#### To do:
Print the records exactly and in full, please; the pictures stay out.

#### Record extracts:

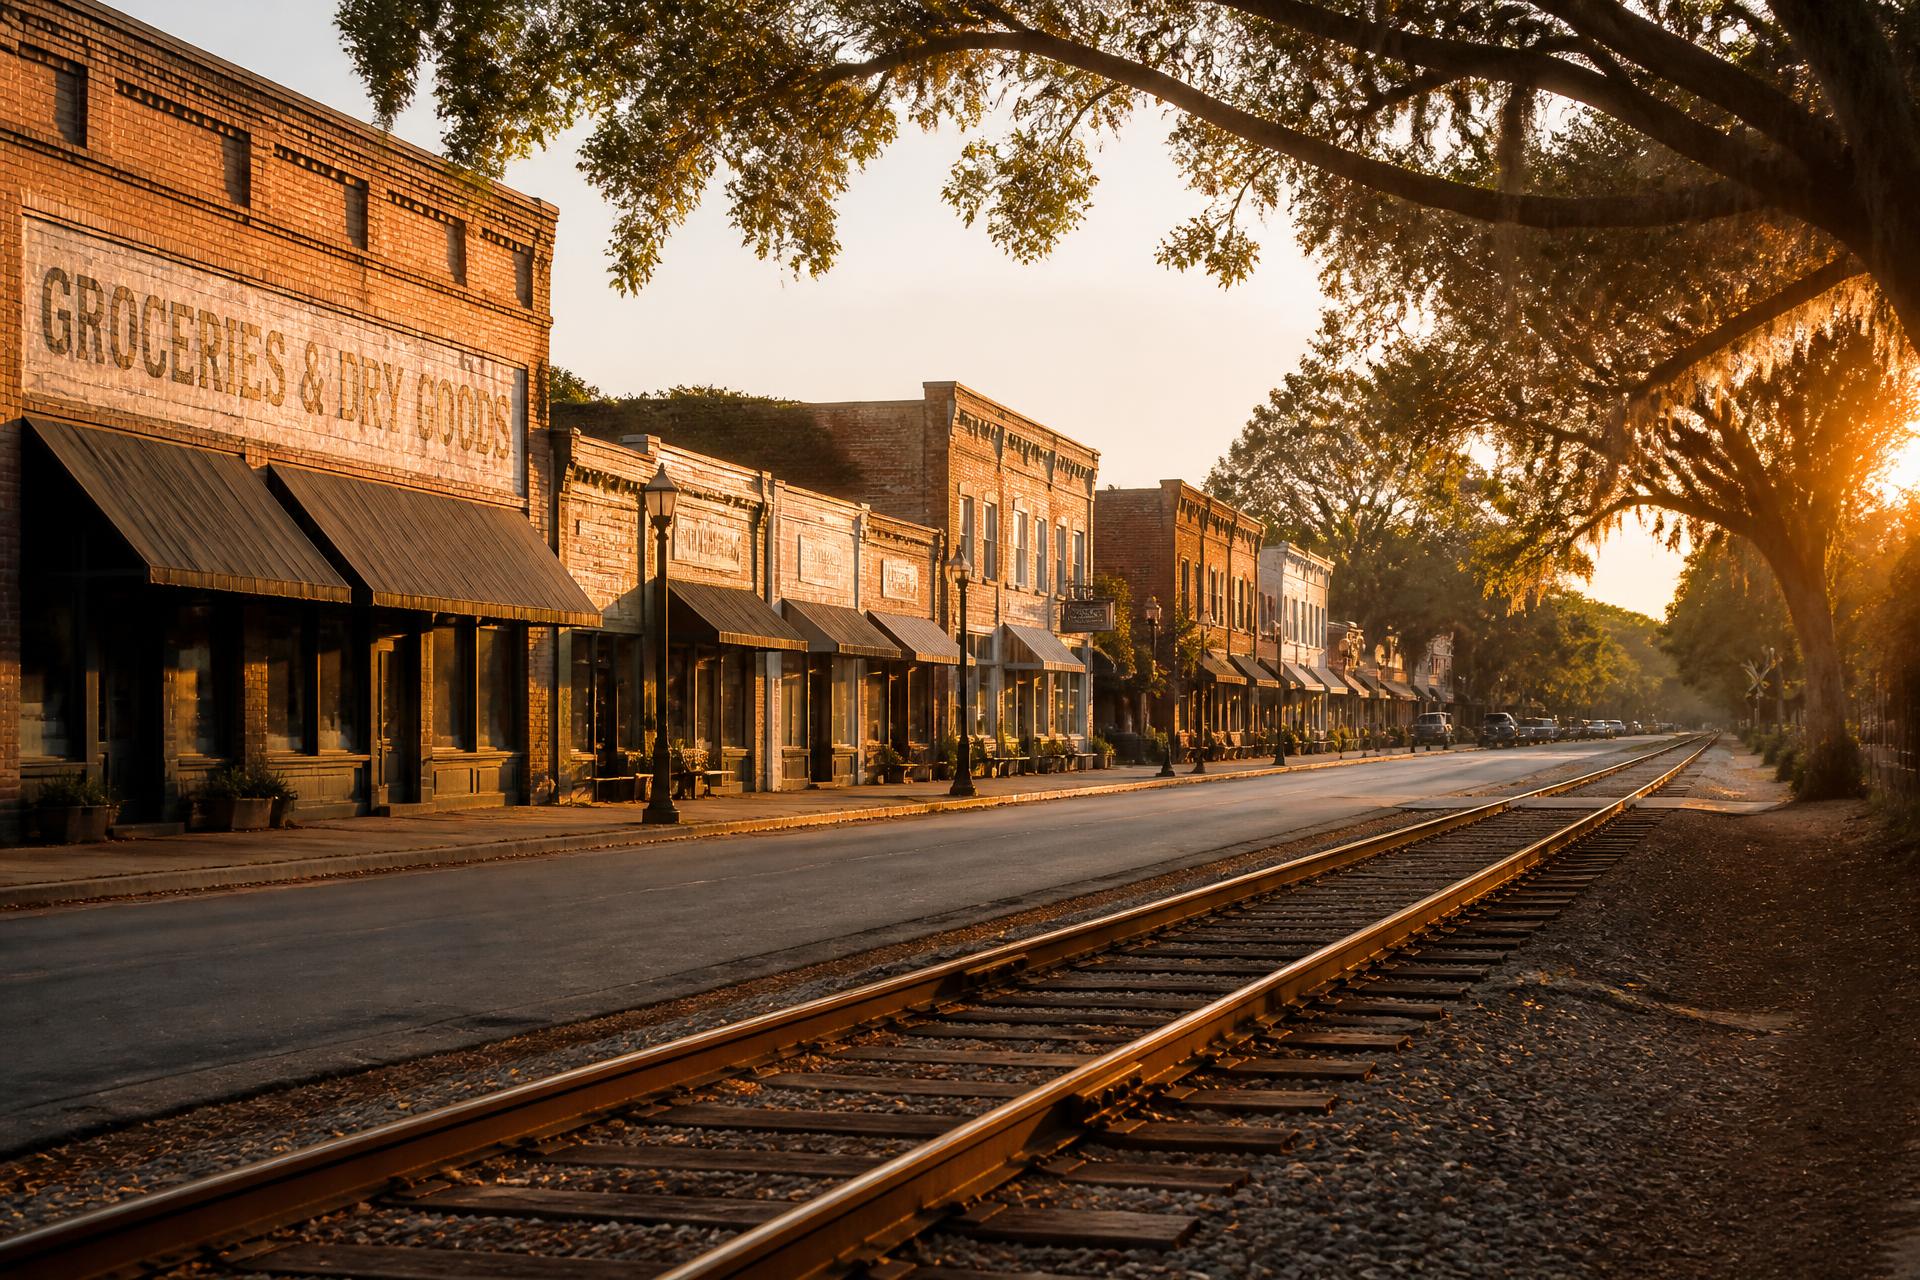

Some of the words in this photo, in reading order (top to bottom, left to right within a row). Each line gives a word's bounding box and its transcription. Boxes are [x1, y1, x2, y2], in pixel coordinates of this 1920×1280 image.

[42, 267, 286, 407] GROCERIES
[302, 340, 325, 416] &
[340, 349, 405, 433] DRY
[417, 373, 510, 460] GOODS

#### The completed task:
Some of the words in this photo, in reading order (top to bottom, left to right within a row). Each line gives a word's bounding box and its transcription. Boxes are [x1, y1, x2, y2], in pixel coordinates of this 1920×1280 image.

[42, 267, 286, 407] GROCERIES
[302, 340, 325, 416] &
[340, 349, 405, 433] DRY
[417, 373, 510, 460] GOODS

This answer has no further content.